We love homesteading tips that help you break things down month by month, giving you a plan you can follow year-round.

Homesteading April to-do List

Homesteading is a great way to live a self-sufficient lifestyle, and every year, it gets more and more popular among folks of every age. It encourages self-sufficiency and independence, allowing you to rely less on the stores. The older I get the more I enjoy being a homesteader because the food I eat is healthier, the work I do is more enjoyable, and the skills I learn I can pass on to my kids and grandkids.

Staying on top of everything that needs to be done can be overwhelming, and that is why I rely on our monthly lists so much. Each month, I focus on the list, ensuring that all areas of our setup get the attention needed, leaving nothing random to fall through the cracks.

Importance of Having a Monthly To-Do List

Having a monthly to-do list in homesteading is a great way to be efficient without being overwhelmed. It allows you to plan better because you will use the year and the weather to decide what project belongs where. Here are a few more reasons why we love monthly planning!

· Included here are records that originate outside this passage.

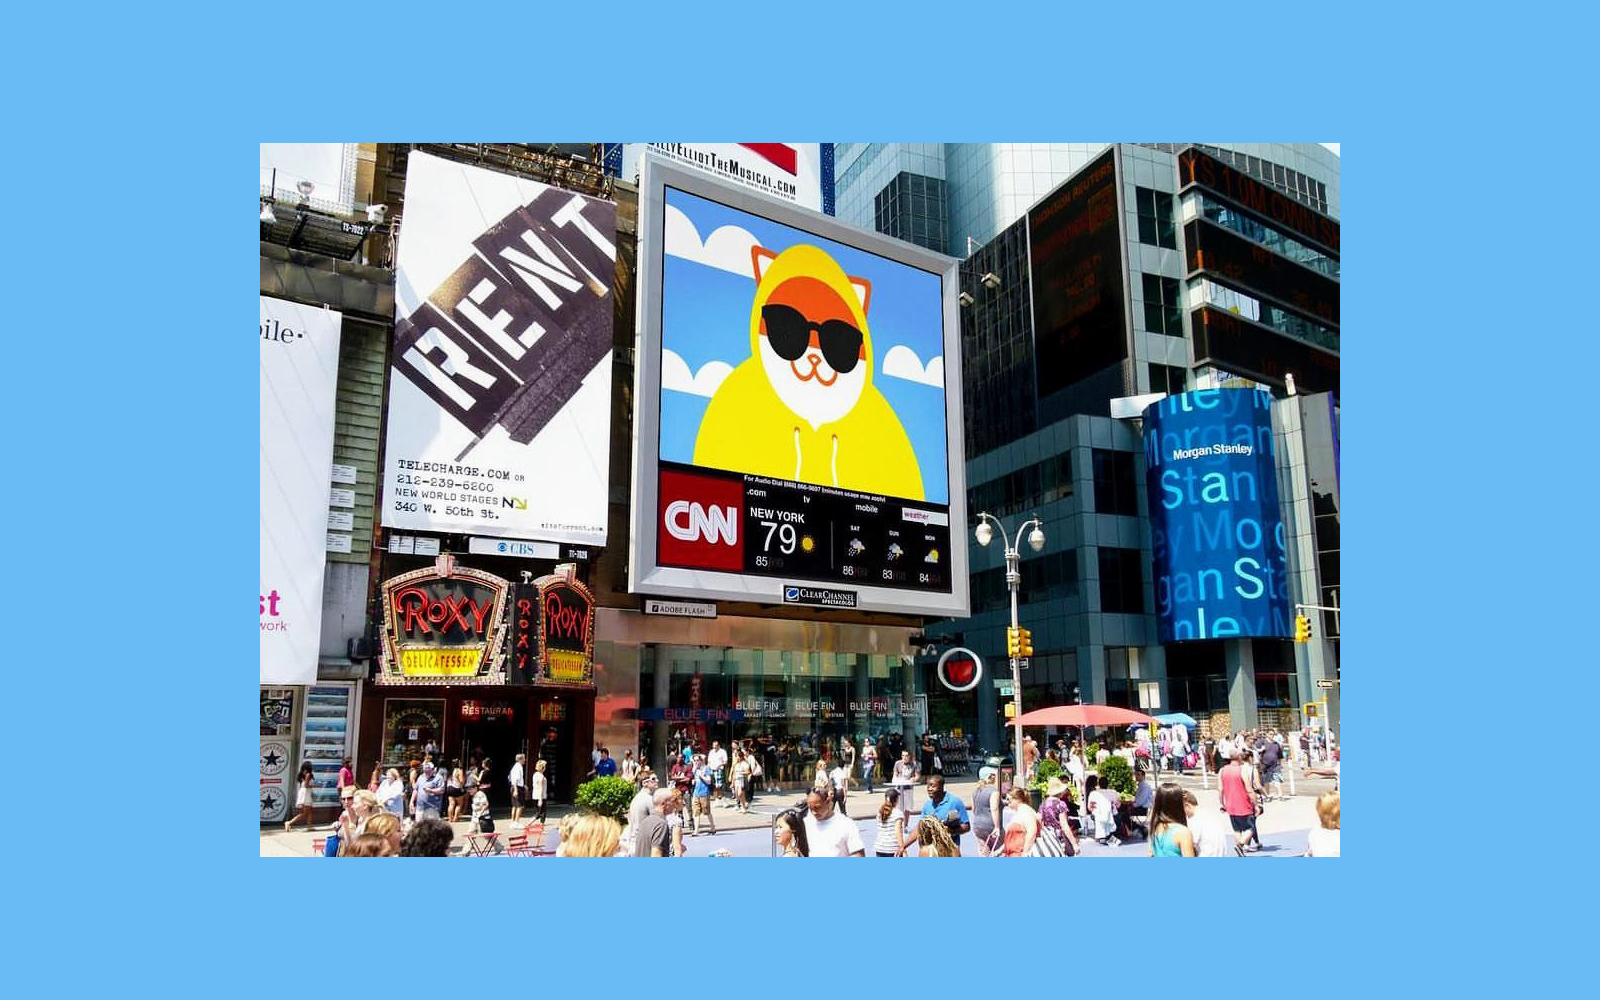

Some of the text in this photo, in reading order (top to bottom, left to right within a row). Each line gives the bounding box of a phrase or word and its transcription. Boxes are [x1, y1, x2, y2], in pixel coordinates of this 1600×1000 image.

[402, 195, 616, 411] RENT
[1173, 444, 1252, 460] Morgan Stanley
[398, 460, 510, 481] TELECHARGE.COM
[397, 474, 494, 492] 212-239-6200
[395, 488, 418, 498] NEW
[421, 491, 456, 501] WORLD
[460, 494, 498, 505] STAGES
[746, 488, 767, 497] .com
[855, 504, 878, 514] mobile
[904, 510, 929, 520] weather
[395, 501, 499, 520] 340 W. 50th St.
[750, 508, 805, 524] NEW YORK
[664, 500, 737, 546] CNN
[761, 521, 797, 554] 79
[511, 543, 534, 556] CBS
[756, 556, 768, 567] 85
[396, 588, 492, 634] ROXY
[546, 592, 588, 641] ROXY
[660, 606, 706, 615] ADOBE FLASH
[518, 600, 531, 669] ROXY
[406, 653, 475, 669] DELICATESSEN
[664, 708, 701, 720] BLUE
[707, 709, 731, 720] FIN
[736, 702, 780, 710] BLUE FIN
[796, 702, 835, 710] BLUE FIN
[850, 702, 887, 710] BLUE FIN

  1. It helps balance the workload, spreading things out more evenly.
  2. It gives you time to gather supplies, enlist help, and save money as needed.
  3. It keeps you on track with timely chores such as breeding, ordering new chicks, or planting a garden.
  4. Finally, checking off tasks from a to-do list is therapeutic and my favorite part of list-making.

Be sure to grab the FREE April Homestead to-do list below!

Homestead Tasks for April

For us, April is the start of spring, and that means the busy season is officially here. Every area needs at least some attention as we prepare for kidding, planting, and chicks.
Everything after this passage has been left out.